How to use Node's fs in the browser for custom playgrounds
I was building a custom web playground for Typeconf, which uses TypeSpec compiler to generate code from schemas. The compiler is a Node.js package that expects filesystem access for reading files and dynamically loading libraries. Here's how I've solved this.
Initial Approaches
memfs
First attempt was with memfs. If you don't have real fs, use memory, pretty simple:
import { fs } from "memfs";
fs.writeFileSync("/file.txt", "content");
But it still doesn't help with module resolution which is required for TypeSpec.
WebContainers
WebContainers provide a full Node.js environment in the browser, including a
working fs
implementation. The drawbacks:
- ~4MB initial download
- Significant startup time (~2-3s on fast connections)

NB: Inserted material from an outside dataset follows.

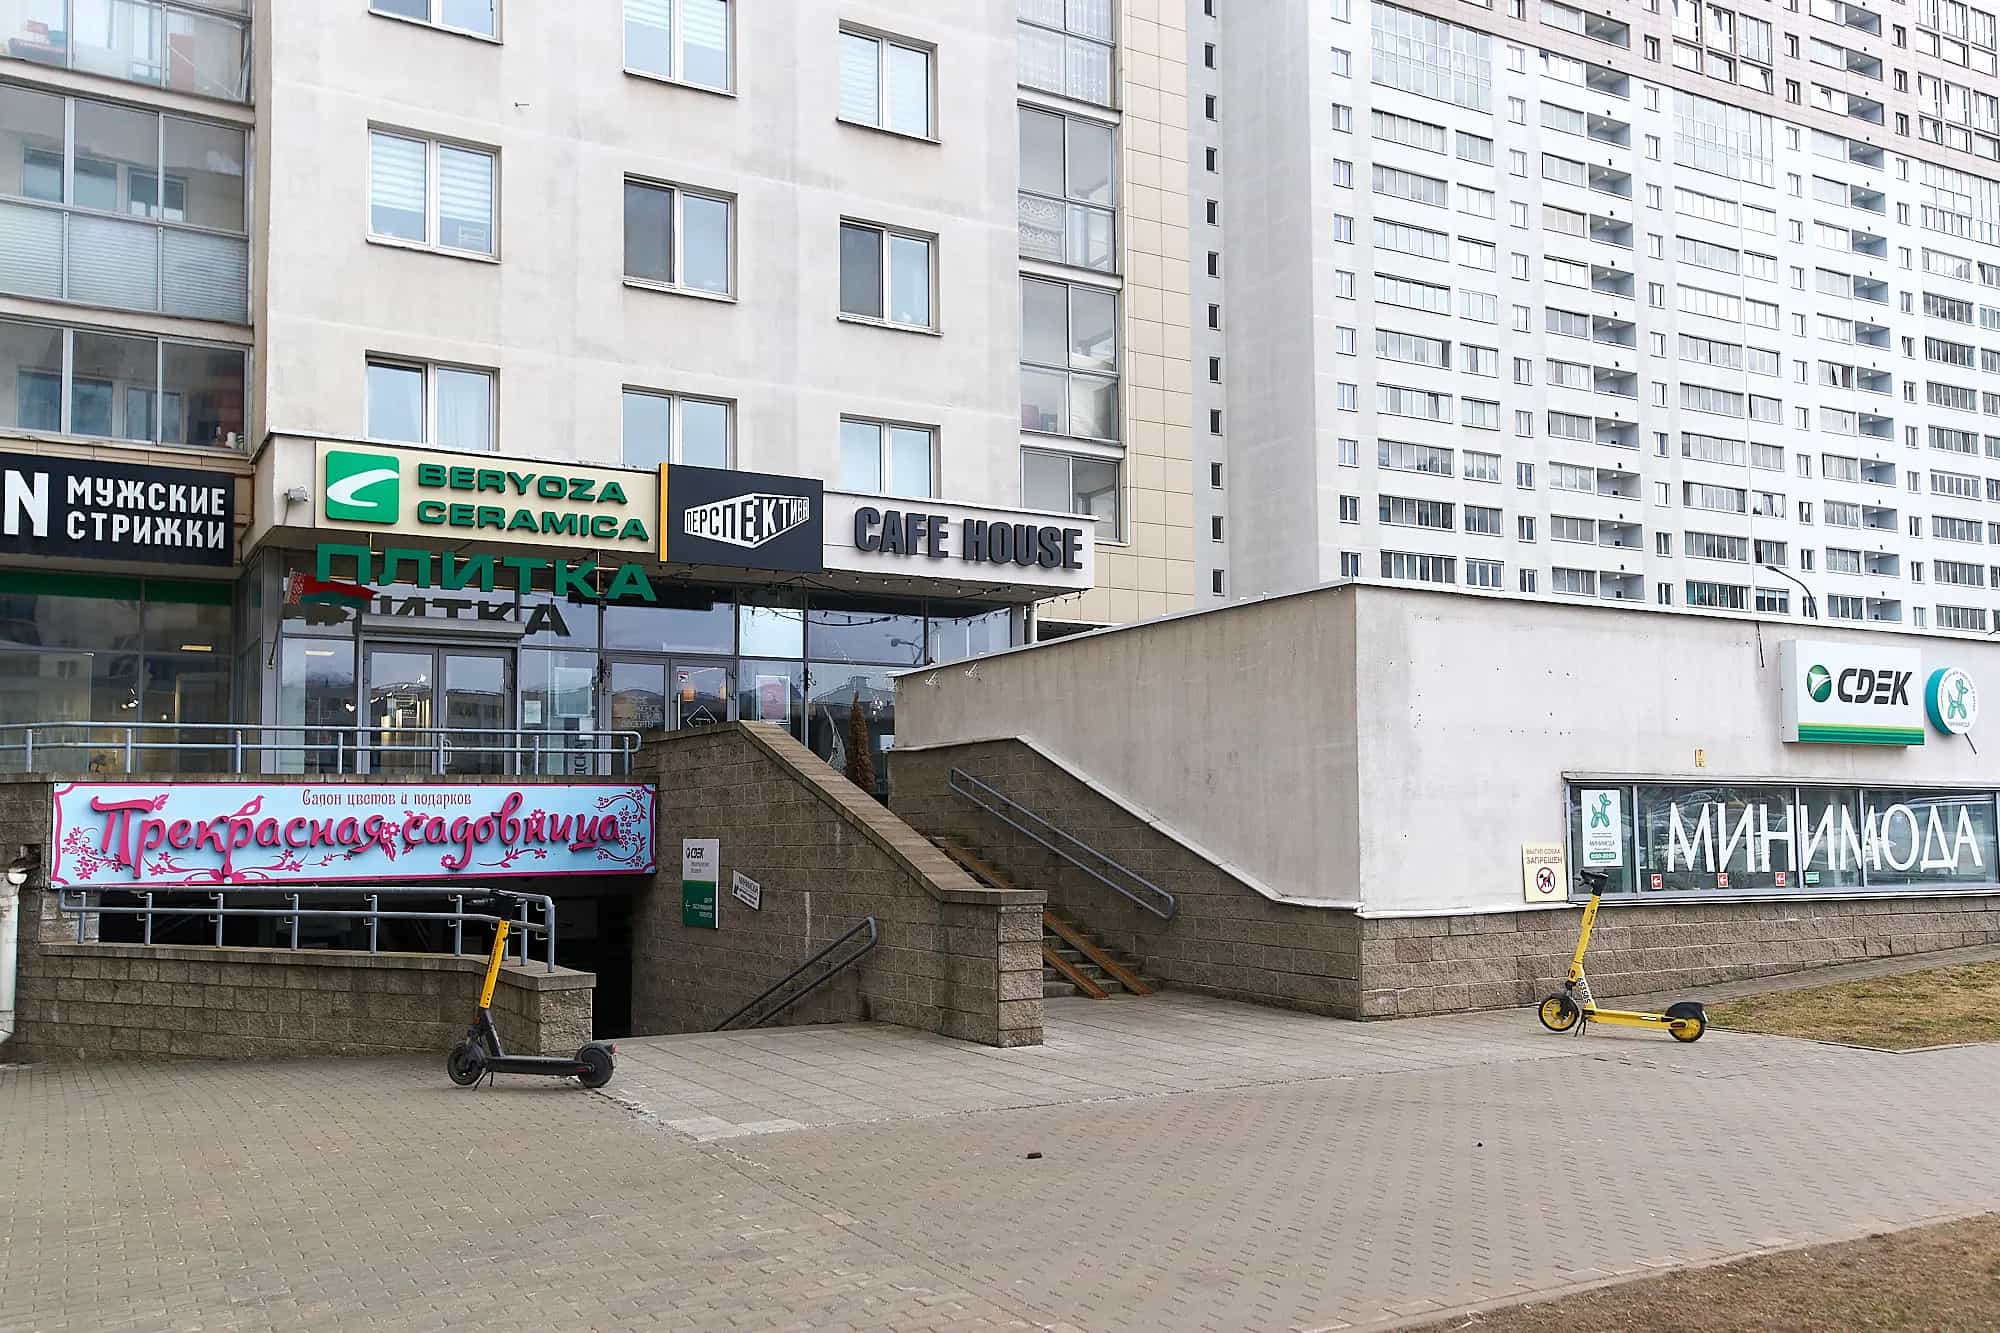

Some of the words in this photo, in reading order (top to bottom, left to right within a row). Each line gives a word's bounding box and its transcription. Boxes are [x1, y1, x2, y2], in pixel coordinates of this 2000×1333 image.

- Memory overhead from running a virtualized environment
const webcontainer = await WebContainer.boot();
await webcontainer.fs.writeFile("/file.txt", "content");
await webcontainer.spawn("node", ["compiler/dist/index.js"]);
// Too heavy for a simple playground
Custom Virtual FS
Then I've started implementing a minimal virtual filesystem myself, first to better understand how it all works and to be able to mock everything that TypeSpec needs. I've created a simple interface:
interface VirtualFS {
readFile(path: string): Promise<string>;
writeFile(path: string, content: string): Promise<void>;
exists(path: string): Promise<boolean>;
readDir(path: string): Promise<string[]>;
// libraries? how to load them?
}
I was getting confused with what to implement to hook to the loading libraries. But then it hit me. TypeSpec's has their own playground!
The TypeSpec Solution
Looking at TypeSpec's playground implementation revealed a better approach. Instead of virtualizing the entire filesystem, they abstract only the operations their compiler needs.
CompilerHost Interface
The is TypeSpec's CompilerHost
interface which provides the abstraction:
interface CompilerHost {
// fs operations
readUrl(url: string): Promise<SourceFile>;
readFile(path: string): Promise<SourceFile>;
writeFile(path: string, content: string): Promise<void>;
readDir(path: string): Promise<string[]>;
rm(path: string, options?: RmOptions): Promise<void>;
mkdirp(path: string): Promise<string | undefined>;
stat(path: string): Promise<{ isDirectory(): boolean; isFile(): boolean }>;
realpath(path: string): Promise<string>;
getExecutionRoot(): string;
// url module
fileURLToPath(url: string): string;
pathToFileURL(path: string): string;
// loading libraries
getLibDirs(): string[];
getJsImport(path: string): Promise<Record<string, any>>;
}
Browser Implementation
Here's how TypeSpec implements the CompilerHost
interface in browser:
class BrowserCompilerHost implements CompilerHost {
private files = new Map<string, string>();
private readonly libraryFiles: Record<string, string>;
async readFile(path: string): Promise<string> {
if (this.files.has(path)) {
return this.files.get(path)!;
}
throw new Error(`File not found: ${path}`);
}
}
export async function createBrowserHost(
libsToLoad: readonly string[],
importOptions: LibraryImportOptions = {},
): Promise<BrowserHost> {
const libraries: Record<string, PlaygroundTspLibrary & { _TypeSpecLibrary_: any }> = {};
for (const libName of libsToLoad) {
const { _TypeSpecLibrary_, $lib, $linter } = (await importLibrary(
libName,
importOptions,
)) as any;
libraries[libName] = {
name: libName,
isEmitter: $lib?.emitter,
definition: $lib,
packageJson: JSON.parse(_TypeSpecLibrary_.typespecSourceFiles["package.json"]),
linter: $linter,
_TypeSpecLibrary_,
};
}
return createBrowserHostInternal({
compiler: await importTypeSpecCompiler(importOptions),
libraries,
});
Here's a couple notable things:
-
They still implement file system in memory.
-
They bundle all the dependencies using a custom bundler which adds the index of files of the library.
-
To be able to read library files they bundle them using importmaps.
I think JS ecosystem would benefit from abstractions like system languages have for different operating systems. If there would be a way to provide a platform which will implement all the necessary standard methods this would make Node code way mode portable.
This experience has taught me to avoid implementing a full filesystem. Instead you should take it from the one that already implemented it. Kudos to TypeSpec team!